"All the really great programs in American history, Social Security, was done without Republicans. Medicare was done without Republican support until the last vote where they realized they had to get on board."
Howard Dean on Tuesday, August 25th, 2009 in an interview on the Rachel Maddow Show
Dean claims Social Security and Medicare were passed without Republican support
With virtually no Republican support for the health care reform bill, some Democrats believe they will have to go it alone.
But Howard Dean, the former chairman of the Democratic National Committee, isn't worried about the political repercussions.
When asked about the risks of abandoning efforts for a bipartisan bill, Dean had this to say:
"All the really great programs in American history, Social Security, was done without Republicans. Medicare was done without Republican support until the last vote where they realized they had to get on board," Dean said on the Aug. 25, 2009, episode of The Rachel Maddow Show . "So a lot of the things that have been done that have helped seniors in particular have been done without Republican support at all and there's not going to be any political penalty. The only political penalty will be suffered is if we don't pass a bill and the Republicans know that. And that's why they're not interested in helping pass the bill."
Our recollection about the votes on Social Security and Medicare was a little rusty, and we wondered whether Dean was right that both bills passed with no Republican support.
To find out, we had to turn back the clock to 1935 — the height of the Great Depression — when President Franklin D. Roosevelt signed the Social Security Act, an insurance program funded through taxpayer dollars meant to support retirees. The legislation was controversial for a number of reasons, including its perceived effects on the labor market and whether its benefits favored working white men.
Nevertheless, on Aug. 8, 1935, the conference report — the final version of the bill that melds together changes made in the House and in the Senate — passed in the House 372-33, with 81 Republicans voting in support. The next day, the bill was passed in the Senate 77-6, with 16 Republicans supporting the legislation. So Social Security did pass with Republican support.
Thirty years later, a significant number of Republicans voted in favor of the Medicare bill. The House adopted the conference report on July 27, 1965, 307-116, with 70 Republicans supporting it. And on July 28, the Senate adopted the final version of the bill by a vote of 70-24, with 13 Republicans in favor of the bill. President Lyndon B. Johnson signed the Medicare bill into law on July 30, 1965.
But is Dean correct that the Republicans didn't support Medicare until the end?
Donald Ritchie, the associate historian in the U.S. Senate, told us that the Republican support wasn't just a last-minute phenomenon. During the discussion of both bills, "There were always progressive Republicans and liberal Republicans, some of whom supported Roosevelt and Johnson," Ritchie said.
Johnson had the political muscle to pass Medicare because the 1964 elections ushered in 42 new Democrats to the House of Representatives, giving the party a two-thirds majority overall and a larger majority on the Ways and Means Committee, where the legislation would originate. Up until then, many members of the committee, including its Democratic chairman, Wilbur D. Mills, opposed the idea of government-funded health care. In fact, Mills proved a tough sell in 1965 until some of his own pet proposals were added to the legislation. One of those — the addition of a voluntary, supplemental health care plan — had its roots in a Republican alternative bill.
In the House, no Republicans voted for the bill until it reached the floor. It passed the Ways and Means Committee by a party-line vote of 17-8, although the panel's GOP members endorsed some of the bill's non-health care related provisions, according to the 1965 Congressional Quarterly Almanac .
Likewise, all four Republicans on the House Rules Committee — the panel that sets the boundaries of debate on all bills that come to the House floor — voted against the bill.

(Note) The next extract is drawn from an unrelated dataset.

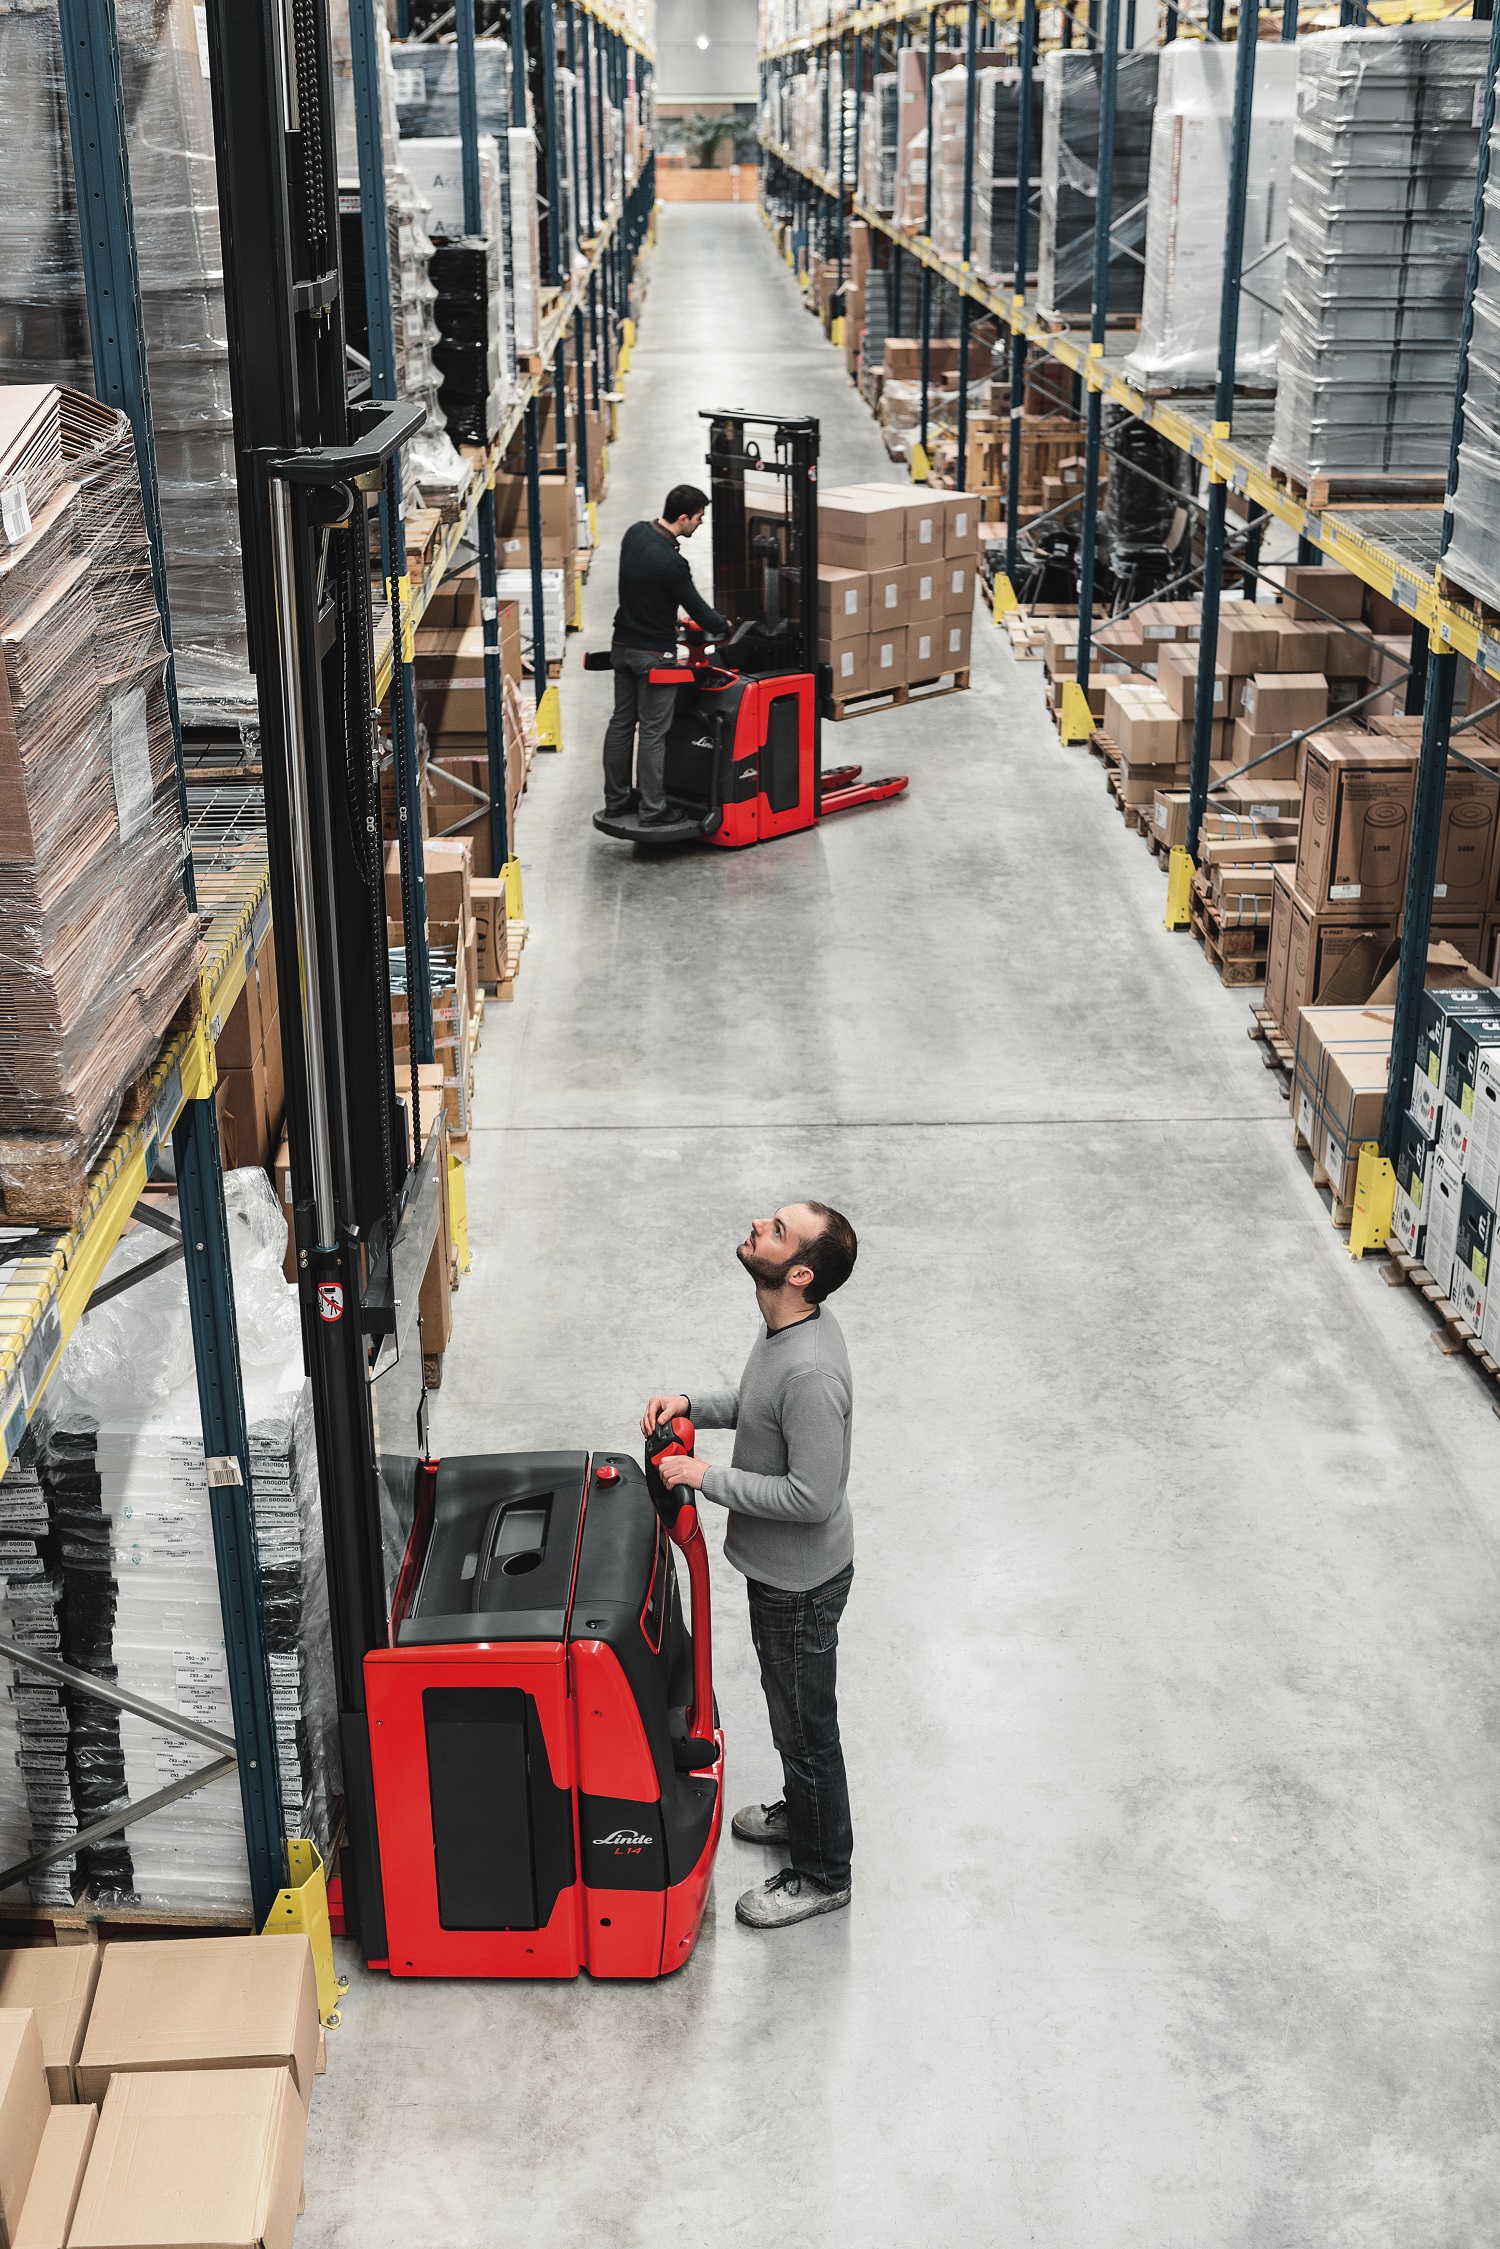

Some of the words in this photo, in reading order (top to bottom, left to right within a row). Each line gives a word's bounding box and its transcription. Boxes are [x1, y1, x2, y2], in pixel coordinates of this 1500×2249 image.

In the Senate, however, there was Republican support in the Finance Committee. When the panel cast its final vote, the bill passed 12-5, with four of the committee's eight Republicans supporting it. (President Barack Obama would probably love to get even that much GOP backing.)
So we find Dean is glossing over the details and exaggerating the partisan split. Both Social Security and Medicare were indeed championed by Democrats, but passed with the help of Republican votes. And while some GOP members waited until the last minute to support Medicare, it was backed by half the Republicans on the Senate committee. So we find Dean's statement False.